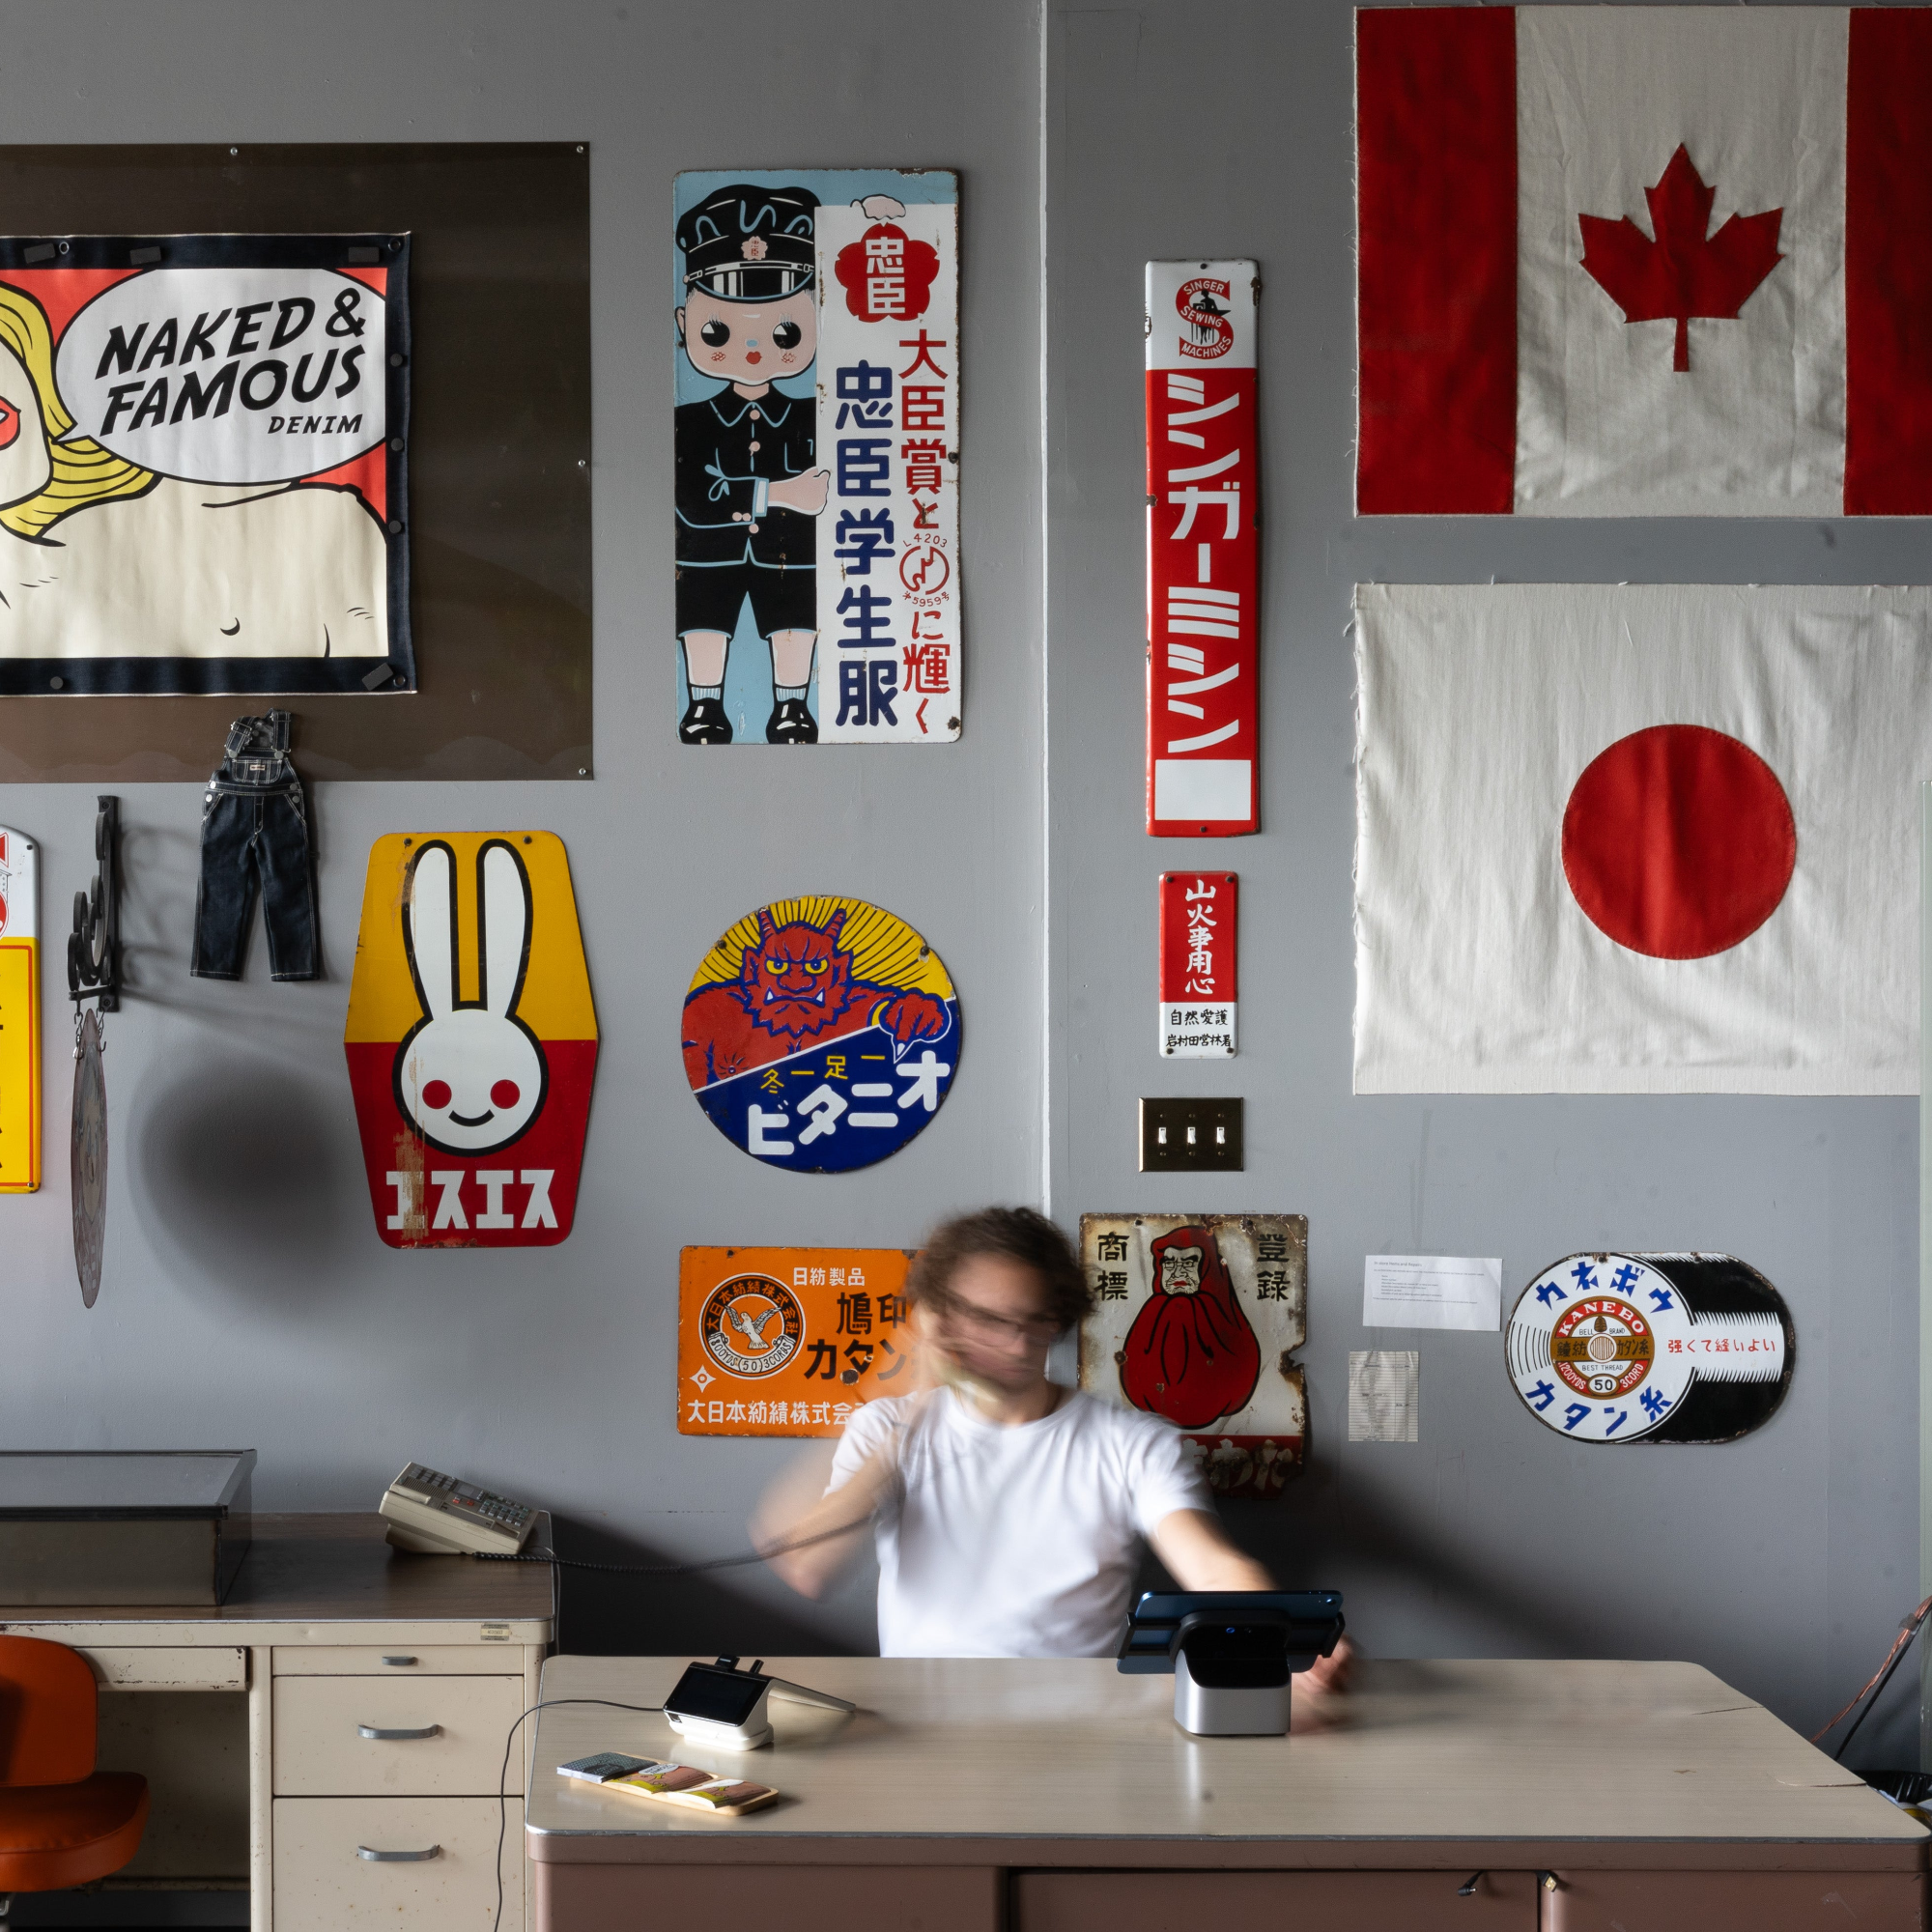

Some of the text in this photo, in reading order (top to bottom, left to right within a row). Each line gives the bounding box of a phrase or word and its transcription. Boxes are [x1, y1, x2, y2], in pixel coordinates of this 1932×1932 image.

[866, 236, 906, 314] 忠臣
[1183, 280, 1225, 295] SINGER
[95, 288, 366, 381] NAKED &
[1180, 305, 1223, 327] SEWING
[1181, 335, 1232, 357] MACHINES
[99, 344, 366, 438] FAMOUS
[268, 413, 363, 435] DENIM
[834, 359, 898, 726] 忠臣学生服
[1167, 373, 1240, 753] シンガーミシン
[1184, 879, 1217, 995] 山火事用心
[385, 1169, 559, 1230] エスエス
[792, 1267, 866, 1287] 日紡製品
[1094, 1231, 1130, 1301] 商標
[1535, 1261, 1675, 1314] カネボウ
[836, 1292, 907, 1335] 鳩印
[1558, 1300, 1645, 1336] KANEBO
[763, 1342, 792, 1369] 3CORDS
[804, 1339, 924, 1381] カタン
[1667, 1339, 1776, 1353] 強くて縫いよい
[743, 1360, 757, 1372] 50
[1594, 1378, 1613, 1391] 50
[1619, 1362, 1644, 1388] 3CORD
[687, 1399, 866, 1426] 大日本紡績株式会
[1525, 1378, 1673, 1437] カタン糸

============

Directions for this task: The answer must consist of the entries above, reproduced word for word, without any pictures.

Response to this exercise:
Some of the text in this photo, in reading order (top to bottom, left to right within a row). Each line gives the bounding box of a phrase or word and its transcription. Boxes are [x1, y1, x2, y2], in pixel coordinates of this 1932×1932 image.

[866, 236, 906, 314] 忠臣
[1183, 280, 1225, 295] SINGER
[95, 288, 366, 381] NAKED &
[1180, 305, 1223, 327] SEWING
[1181, 335, 1232, 357] MACHINES
[99, 344, 366, 438] FAMOUS
[268, 413, 363, 435] DENIM
[834, 359, 898, 726] 忠臣学生服
[1167, 373, 1240, 753] シンガーミシン
[1184, 879, 1217, 995] 山火事用心
[385, 1169, 559, 1230] エスエス
[792, 1267, 866, 1287] 日紡製品
[1094, 1231, 1130, 1301] 商標
[1535, 1261, 1675, 1314] カネボウ
[836, 1292, 907, 1335] 鳩印
[1558, 1300, 1645, 1336] KANEBO
[763, 1342, 792, 1369] 3CORDS
[804, 1339, 924, 1381] カタン
[1667, 1339, 1776, 1353] 強くて縫いよい
[743, 1360, 757, 1372] 50
[1594, 1378, 1613, 1391] 50
[1619, 1362, 1644, 1388] 3CORD
[687, 1399, 866, 1426] 大日本紡績株式会
[1525, 1378, 1673, 1437] カタン糸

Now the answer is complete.